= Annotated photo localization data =
--*--
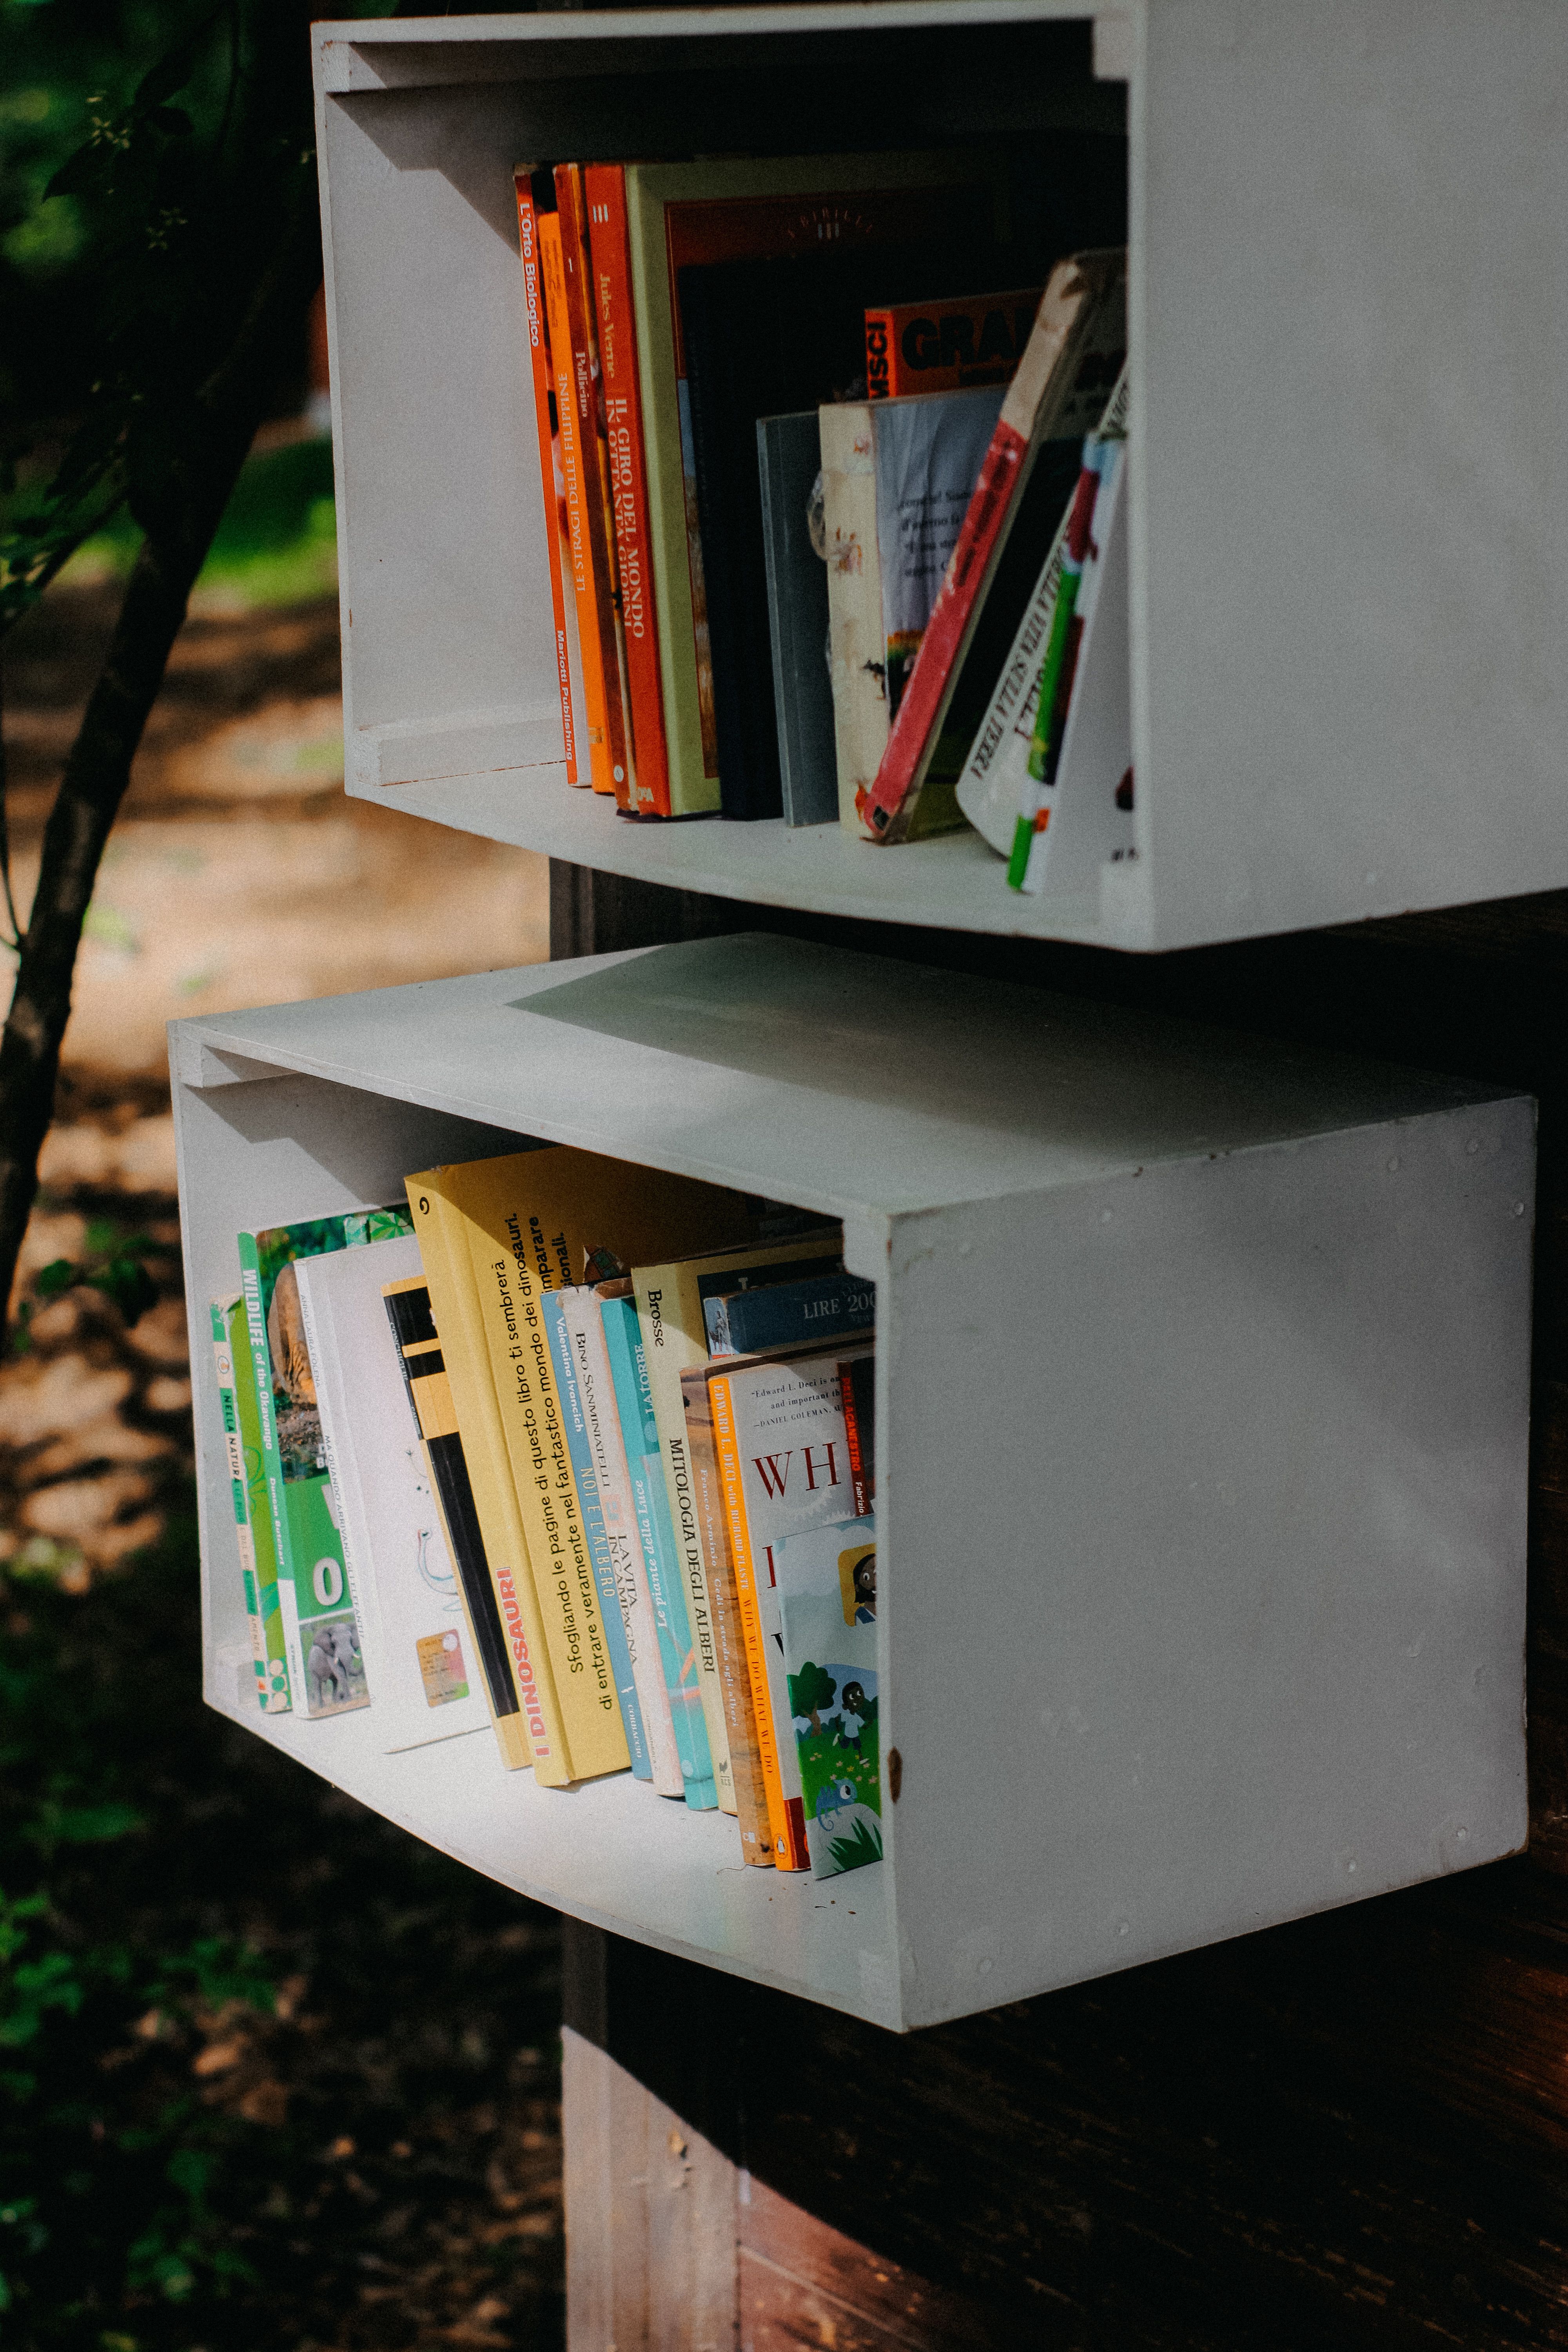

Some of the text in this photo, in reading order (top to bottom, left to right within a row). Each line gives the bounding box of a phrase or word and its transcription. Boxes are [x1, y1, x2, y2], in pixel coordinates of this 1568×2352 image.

[525, 263, 540, 347] Biologico
[599, 273, 617, 379] Jules Verne
[575, 352, 590, 417] Pollicino
[558, 372, 585, 591] LE STRAGI DELLE FILIPPINE
[606, 398, 633, 627] IN OTTANTA GIORNI
[614, 398, 644, 638] IL GIRO DEL MONDO
[557, 630, 572, 760] Mariotti Publishing
[971, 718, 1003, 779] TERRA
[528, 1216, 557, 1293] imparare
[299, 1294, 321, 1388] ANNA LAURA FOLENA
[575, 1332, 591, 1370] BINO
[647, 1289, 668, 1347] Brosse
[803, 1298, 840, 1319] LIRE
[242, 1269, 274, 1450] WILDLIFE of the Okavango
[556, 1316, 584, 1432] Valentina Ivancich
[771, 1400, 785, 1409] and
[789, 1393, 829, 1405] important
[799, 1379, 817, 1388] Deci
[224, 1394, 241, 1483] NELLA NATURA
[323, 1434, 333, 1450] MA
[490, 1258, 586, 1673] Sfogliando le pagine di questo libro ti sembrerà
[503, 1213, 613, 1711] di entrare veramente nel fantastico mondo dei dinosauri.
[751, 1442, 841, 1500] WH
[841, 1377, 861, 1471] PALLACANESTRO
[326, 1454, 341, 1501] QUANDO
[700, 1468, 718, 1566] Franco Arminio
[713, 1384, 750, 1590] EDWARD L. DECI with RICHARD FLASTE
[855, 1481, 866, 1513] Fabrizio
[336, 1503, 350, 1553] ARRIVANO
[580, 1466, 616, 1598] NOI E L'ALBERO
[617, 1534, 638, 1608] LA VITA
[633, 1479, 667, 1627] Le piante della Luce
[669, 1437, 715, 1674] MITOLOGIA DEGLI ALBERI
[608, 1535, 638, 1665] IN CAMPAGNA
[495, 1568, 550, 1757] I DINOSAURI
[713, 1578, 739, 1727] Cedi la strada agli alberi
[742, 1598, 775, 1772] WHY WE DO WHAT WE DO
[628, 1704, 642, 1758] CORBACCIO
--*--
= Problem to solve =
Your copy of the entries must be exact and must contain no pictures.

= Reply =
Some of the text in this photo, in reading order (top to bottom, left to right within a row). Each line gives the bounding box of a phrase or word and its transcription. Boxes are [x1, y1, x2, y2], in pixel coordinates of this 1568×2352 image.

[525, 263, 540, 347] Biologico
[599, 273, 617, 379] Jules Verne
[575, 352, 590, 417] Pollicino
[558, 372, 585, 591] LE STRAGI DELLE FILIPPINE
[606, 398, 633, 627] IN OTTANTA GIORNI
[614, 398, 644, 638] IL GIRO DEL MONDO
[557, 630, 572, 760] Mariotti Publishing
[971, 718, 1003, 779] TERRA
[528, 1216, 557, 1293] imparare
[299, 1294, 321, 1388] ANNA LAURA FOLENA
[575, 1332, 591, 1370] BINO
[647, 1289, 668, 1347] Brosse
[803, 1298, 840, 1319] LIRE
[242, 1269, 274, 1450] WILDLIFE of the Okavango
[556, 1316, 584, 1432] Valentina Ivancich
[771, 1400, 785, 1409] and
[789, 1393, 829, 1405] important
[799, 1379, 817, 1388] Deci
[224, 1394, 241, 1483] NELLA NATURA
[323, 1434, 333, 1450] MA
[490, 1258, 586, 1673] Sfogliando le pagine di questo libro ti sembrerà
[503, 1213, 613, 1711] di entrare veramente nel fantastico mondo dei dinosauri.
[751, 1442, 841, 1500] WH
[841, 1377, 861, 1471] PALLACANESTRO
[326, 1454, 341, 1501] QUANDO
[700, 1468, 718, 1566] Franco Arminio
[713, 1384, 750, 1590] EDWARD L. DECI with RICHARD FLASTE
[855, 1481, 866, 1513] Fabrizio
[336, 1503, 350, 1553] ARRIVANO
[580, 1466, 616, 1598] NOI E L'ALBERO
[617, 1534, 638, 1608] LA VITA
[633, 1479, 667, 1627] Le piante della Luce
[669, 1437, 715, 1674] MITOLOGIA DEGLI ALBERI
[608, 1535, 638, 1665] IN CAMPAGNA
[495, 1568, 550, 1757] I DINOSAURI
[713, 1578, 739, 1727] Cedi la strada agli alberi
[742, 1598, 775, 1772] WHY WE DO WHAT WE DO
[628, 1704, 642, 1758] CORBACCIO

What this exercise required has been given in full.